As normoglycemia could not be maintained through specialized dietary modifications and glucose infusions alone, parenteral nutrition was initiated. However, the patient’s state and home conditions did not allow for safe administration of home parenteral nutrition. Therefore, the treatment strategy had to be changed. Corticosteroid therapy with prednisone (25 mg daily) and evening administration of corn starch (6 Tablespoons dissolved in 200 ml of water) were introduced to stabilize blood glucose levels. Subsequently, glycemic control was satisfactory with this regimen, eliminating the need for ongoing parenteral nutrition. The patient was discharged with arrangements for home care, continuing both corn starch supplementation and corticosteroid therapy.

The patient received comprehensive education regarding regular blood glucose monitoring and management of potential hypoglycemic episodes, with additional instructions provided to her family. A dietitian advised on an appropriate diet, incorporating a high‑protein oral nutrition supplements (14.6 g protein per 100 ml) as part of the nutritional plan.

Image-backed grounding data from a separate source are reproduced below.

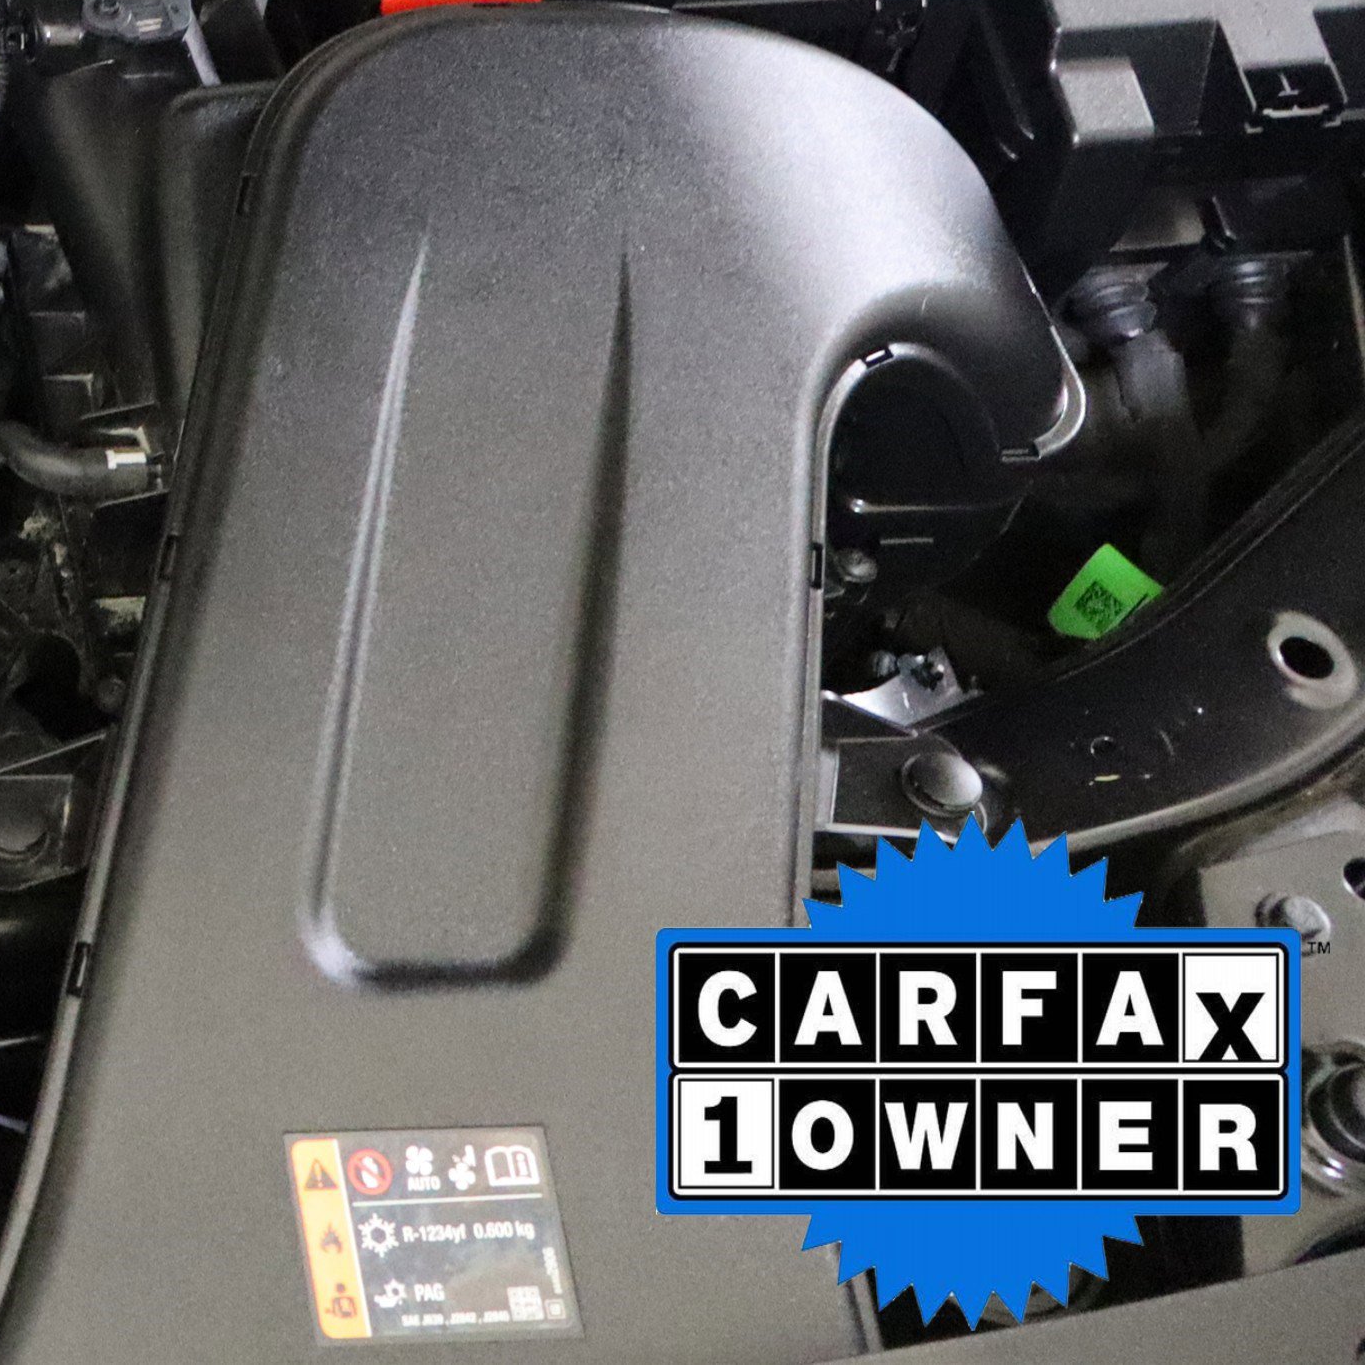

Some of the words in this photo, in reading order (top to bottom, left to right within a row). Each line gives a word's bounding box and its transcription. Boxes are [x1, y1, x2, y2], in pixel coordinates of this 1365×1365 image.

[407, 1175, 441, 1191] AUTO
[403, 1223, 466, 1244] R-1234yf
[473, 1221, 514, 1239] 0.600
[515, 1220, 536, 1241] kg
[414, 1282, 445, 1302] PAG

The diagnosis of paraneoplastic hypoglycemia presents a clinical challenge, typically requiring confirmation of symptomatic hypoglycemia, exclusion of alternative etiologies, and evidence of an underlying malignancy. Diagnostic evaluation often involves laboratory assessments, including measurements of insulin, C‑peptide, cortisol, IGF‑2 levels, and the IGF‑2/IGF‑1 ratio, complemented by appropriate imaging studies. Currently, IGF‑2 quantification is not available in standard hospital laboratories in the Czech Republic. At present, we perform IGF‑2 measurement in collaboration with the Czech Centre for Phenogenomics. Efforts are ongoing to establish IGF‑2 assay capabilities within our hospital laboratory to facilitate in‑house testing.

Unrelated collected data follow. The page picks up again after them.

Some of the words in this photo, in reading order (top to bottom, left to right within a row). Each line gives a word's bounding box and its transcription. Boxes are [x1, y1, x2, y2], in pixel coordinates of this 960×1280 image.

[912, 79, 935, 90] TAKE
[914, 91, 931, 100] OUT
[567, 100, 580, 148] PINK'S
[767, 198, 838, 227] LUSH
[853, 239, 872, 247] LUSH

IGF 2 in the blood is bound to specific binding proteins. In patients with fibrosarcoma, IGF‑2 more frequently forms binary complexes with IGF binding protein‑3 (IGFBP‑3) in the bloodstream. In healthy subjects, IGF 2 is more likely to form tertiary complexes with IGFBP‑3 and the acidolabile subunit. The binary complexes are smaller and more easily penetrate the capillary wall, which increases their bioavailability and hypoglycemic effect realized through the insulin receptor. As understanding of the mechanisms of paraneoplastic hypoglycemia evolves, new treatment modalities are being developed. One potentially promising approach is the development of high‑affinity antibodies targeting IGF‑2.⁴ However, even drugs commonly available to us, such as corticosteroids, may be useful in suppressing IGF‑2 production.³

Corn starch has long been established as a cornerstone therapy for patients with glycogen storage disease type Ia.⁵ Due to glucose‑6‑phosphatase deficiency, these patients experience severe hypoglycemia during extended fasting periods. In this case, we utilized the slow glucose‑release properties of corn starch to prevent nocturnal hypoglycemia and maintain euglycemia overnight.

The patient’s prognosis remains uncertain; however, the therapeutic intervention with corticosteroids and corn starch resulted in a marked improvement in her quality of life, which had previously been significantly compromised by frequent hypoglycemic episodes, thereby facilitating discharge to home care. The patient continues to be closely monitored in our outpatient clinic, with regular assessments of blood glucose levels, which have remained within normal limits.

This case contributes valuable insights into the challenges of diagnosing and managing paraneoplastic hypoglycemia. Enhanced understanding of the differential diagnostic process will support more informed clinical decision‑making for future patients presenting with suspected paraneoplastic hypoglycemia in the Czech Republic.